The data -
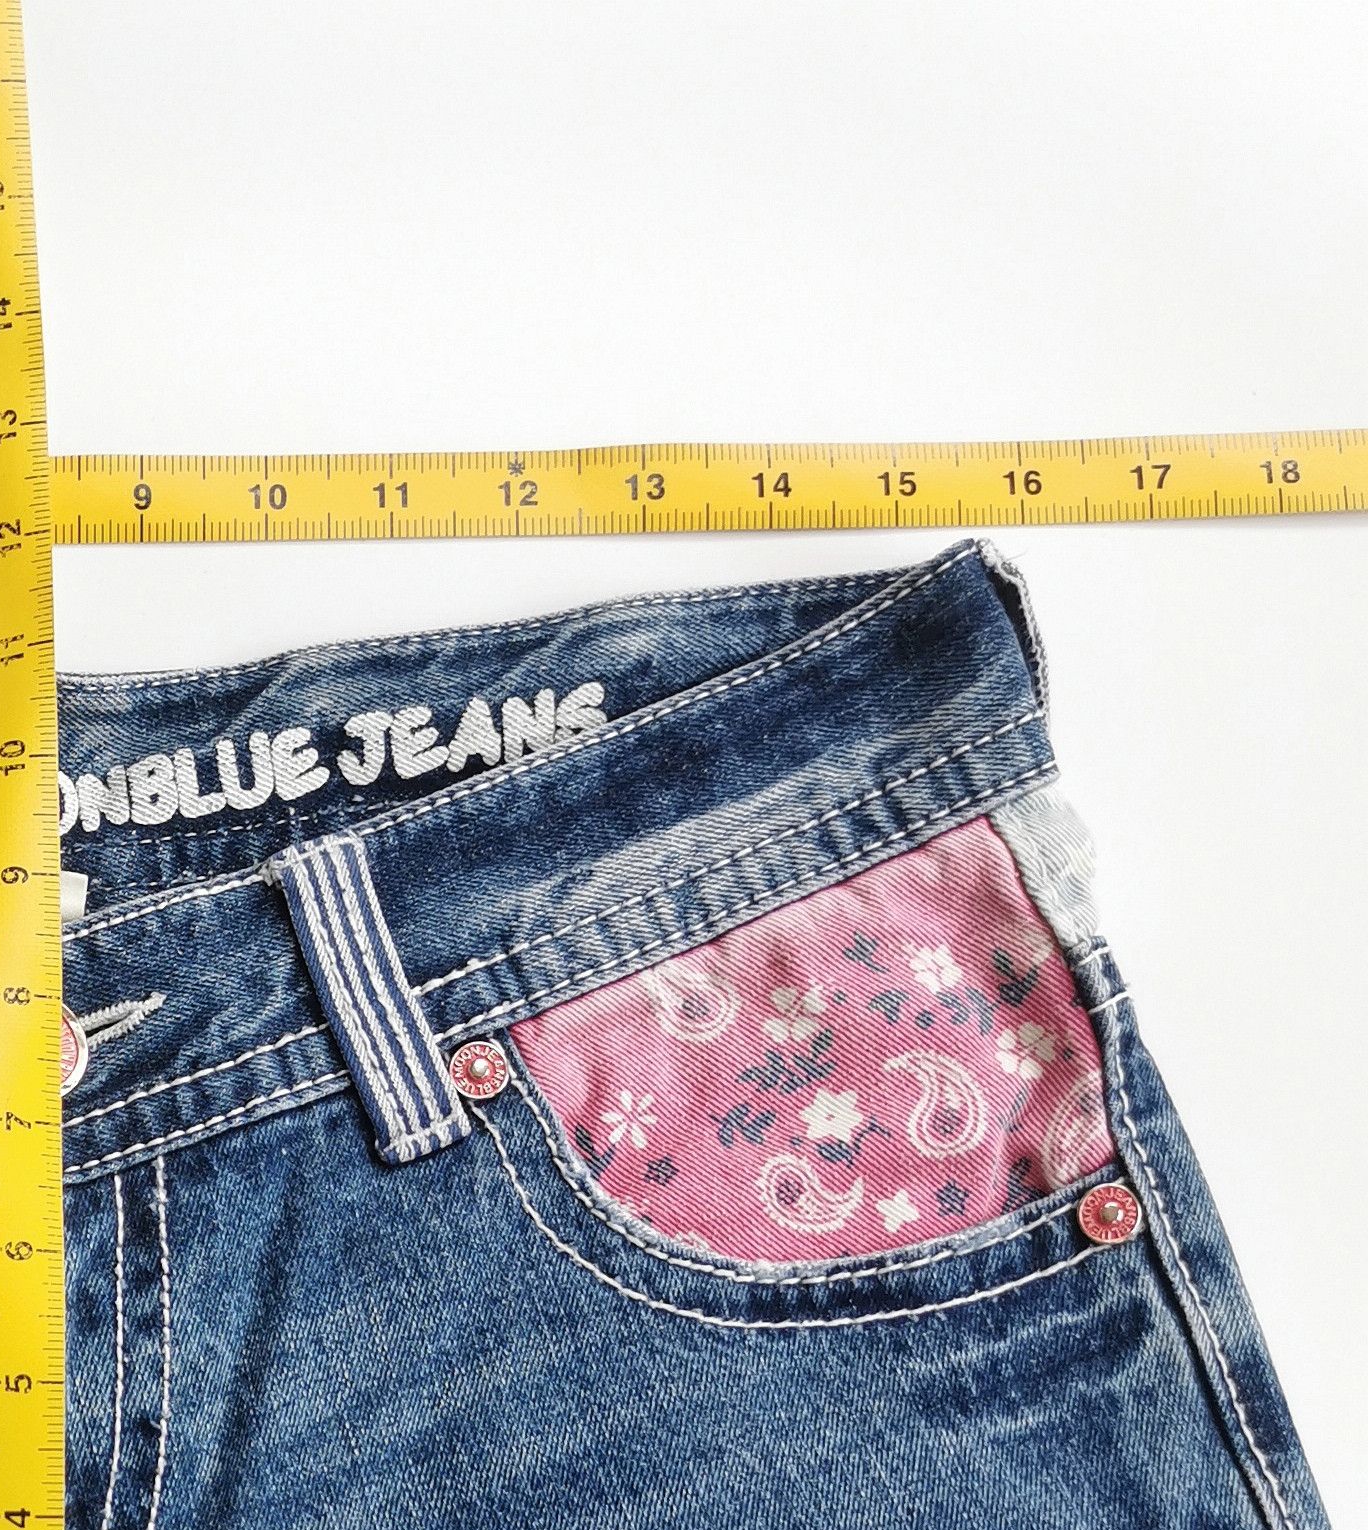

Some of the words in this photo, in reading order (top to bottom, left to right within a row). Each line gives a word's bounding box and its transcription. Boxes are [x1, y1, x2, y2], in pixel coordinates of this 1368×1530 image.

[133, 483, 152, 511] 9
[249, 483, 288, 510] 10
[372, 481, 408, 509] 11
[497, 480, 539, 507] 12
[625, 473, 666, 501] 13
[751, 472, 793, 498] 14
[877, 471, 917, 497] 15
[1002, 470, 1042, 496] 16
[1130, 464, 1172, 490] 17
[1259, 460, 1301, 484] 18
[0, 633, 25, 666] 11
[336, 681, 608, 787] JEANS
[0, 866, 29, 885] 9
[3, 986, 31, 1006] 8
[5, 1111, 32, 1131] 7
[4, 1241, 33, 1261] 6
[4, 1374, 32, 1394] 5
[4, 1508, 31, 1529] 4

What the task requires - Please repeat the entries exactly. Do not include the pictures.

Solution to this exercise -
Some of the words in this photo, in reading order (top to bottom, left to right within a row). Each line gives a word's bounding box and its transcription. Boxes are [x1, y1, x2, y2], in pixel coordinates of this 1368×1530 image.

[133, 483, 152, 511] 9
[249, 483, 288, 510] 10
[372, 481, 408, 509] 11
[497, 480, 539, 507] 12
[625, 473, 666, 501] 13
[751, 472, 793, 498] 14
[877, 471, 917, 497] 15
[1002, 470, 1042, 496] 16
[1130, 464, 1172, 490] 17
[1259, 460, 1301, 484] 18
[0, 633, 25, 666] 11
[336, 681, 608, 787] JEANS
[0, 866, 29, 885] 9
[3, 986, 31, 1006] 8
[5, 1111, 32, 1131] 7
[4, 1241, 33, 1261] 6
[4, 1374, 32, 1394] 5
[4, 1508, 31, 1529] 4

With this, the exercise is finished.